A Câmara de Évora lançou um programa para incentivar a pintura das fachadas do centro histórico, ‘palco’ da Capital Europeia da Cultura (CEC) em 2027 e que assinala 40 anos da classificação pela UNESCO, foi hoje divulgado.
“Temos que preparar o nosso centro histórico para acolher a CEC em 2027 e já este ano celebramos os 40 anos da classificação como Património Mundial pela UNESCO”, afirmou à agência Lusa Teresa Batista, da Câmara de Évora.
Teresa Batista, chefe de gabinete do presidente do município, Carlos Zorrinho (PS), apresentou o programa na reunião de câmara de quinta-feira, como vereadora em substituição do vice-presidente, Jerónimo José.
A responsável salientou que a iniciativa pretende “mobilizar os proprietários dos edifícios e monumentos do centro histórico para a pintura e caiação das suas fachadas”, para que esta zona nobre da cidade fique “de cara lavada”.

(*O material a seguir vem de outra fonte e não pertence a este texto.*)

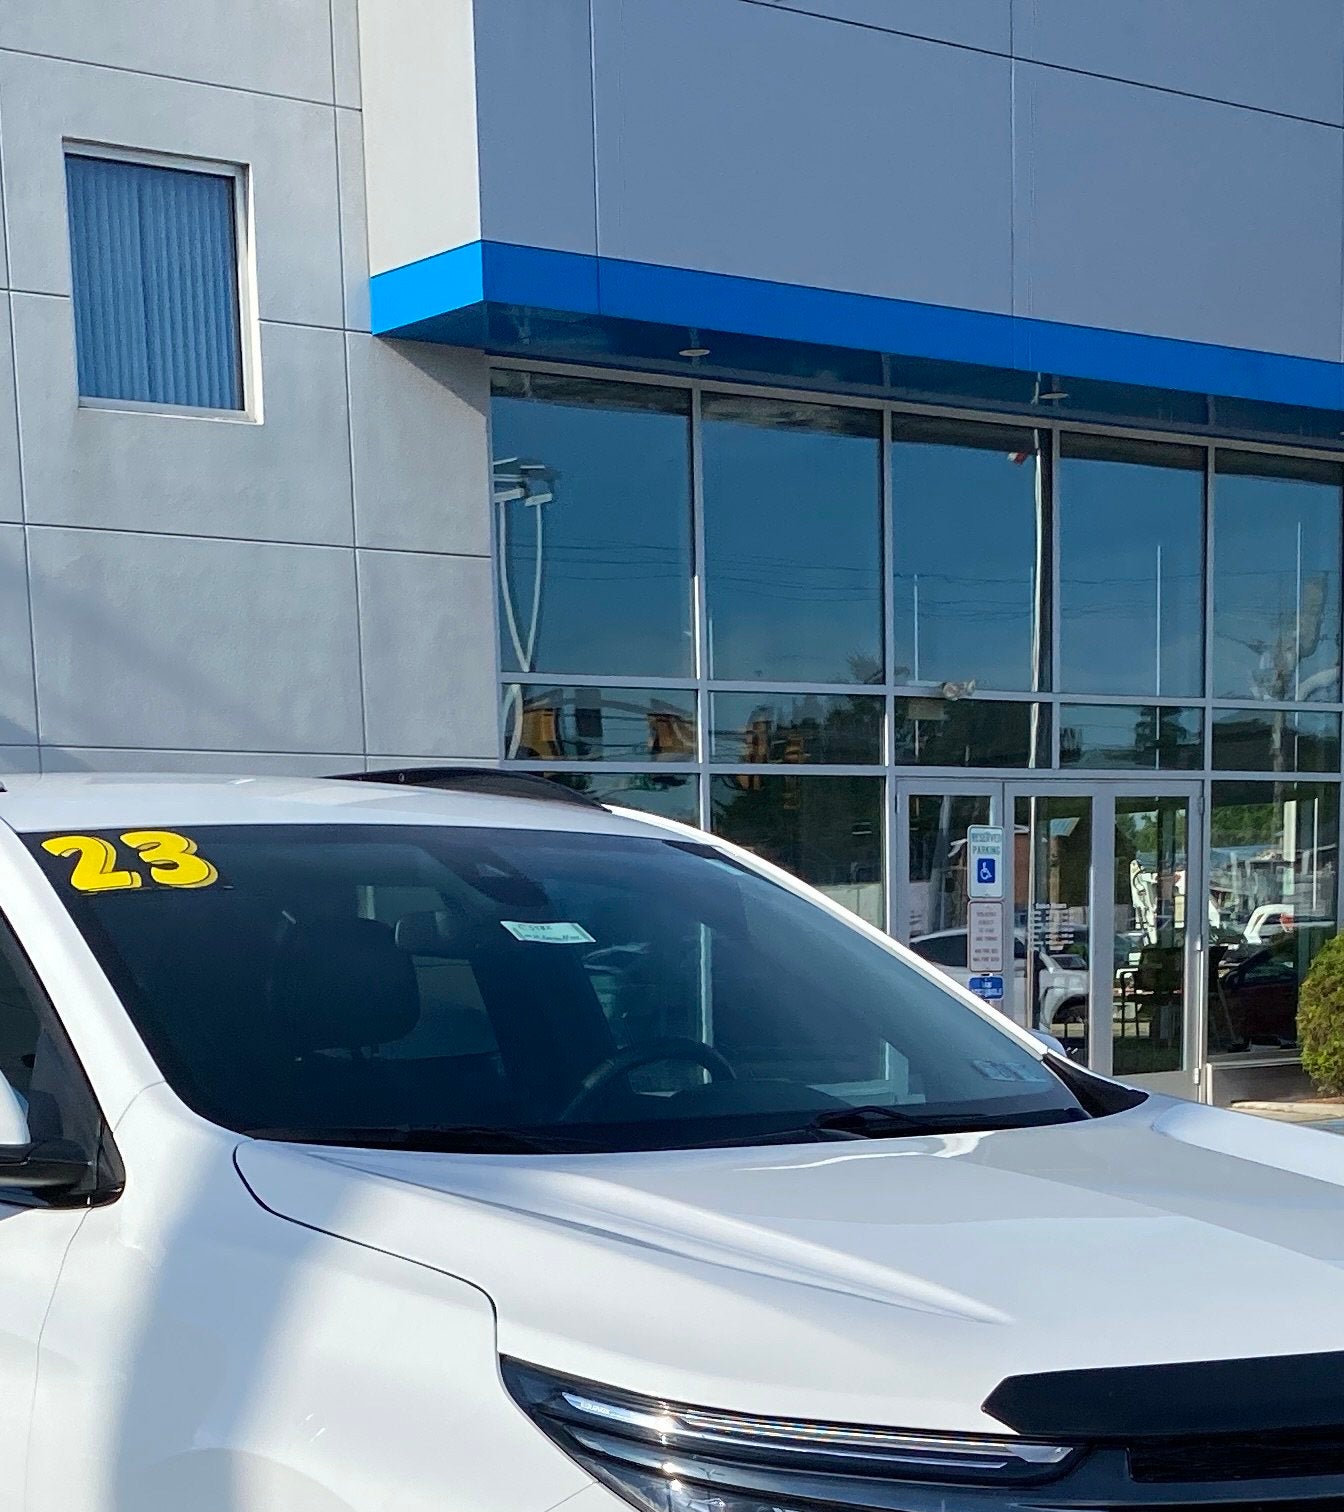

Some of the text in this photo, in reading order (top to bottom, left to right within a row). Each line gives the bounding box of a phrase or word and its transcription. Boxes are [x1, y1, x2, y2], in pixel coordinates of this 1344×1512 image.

[971, 832, 1001, 843] RESERVED
[972, 846, 1001, 855] PARKING
[41, 830, 219, 891] 23

Uma estimativa apurou que “só para as principais artérias do centro histórico seriam 55 mil metros quadrados de paredes para pintar”, adiantou, referindo que os serviços municipais, a junta e a associação de moradores vão fazer um levantamento.
O programa “Casario Branco”, que deverá arrancar em julho, é dinamizado pelo município em parceria com o Núcleo Empresarial da Região de Évora, Fundação Eugénio de Almeida, Junta de Freguesia e associação de moradores, entre outras entidades.
Assinalando que o programa não pressupõe orçamento, Teresa Batista explicou que se pretende angariar outros parceiros e mecenas para financiar a aquisição de tintas, cal e materiais.
“Não tem um orçamento porque, no fundo, queremos mobilizar os empresários e mecenas a doar tintas e materiais e também os proprietários para eles próprios terem iniciativa de pintar as fachadas”, realçou.
Os interessados, segundo a responsável, devem apresentar candidatura ao programa e, se for aprovada, será atribuído o apoio em género, ficando o beneficiário com um prazo definido para a concretização da pintura.
“Foram definidos escalões” que determinam o nível de apoio a que tem direito cada proprietário, revelou, frisando que “nem todos vão ter acesso gratuito às tintas, mas todos vão ter acesso, pelo menos, às tintas a preços mais baixos”.
Para os proprietários idosos e pessoas em situação vulnerável, “serão facultadas as tintas ou a cal e, se possível, materiais e também tentaremos, com voluntariado, ajudar” na execução dos trabalhos, disse.
Teresa Batista acrescentou que o programa, que se estende até 2029, vai abranger para já o centro histórico, esperando que a iniciativa possa ser no futuro alargada a outras áreas da cidade.
O centro histórico de Évora foi reconhecido em 25 de novembro de 1986 como Património Mundial pela UNESCO e a cidade vai ser CEC em 2027.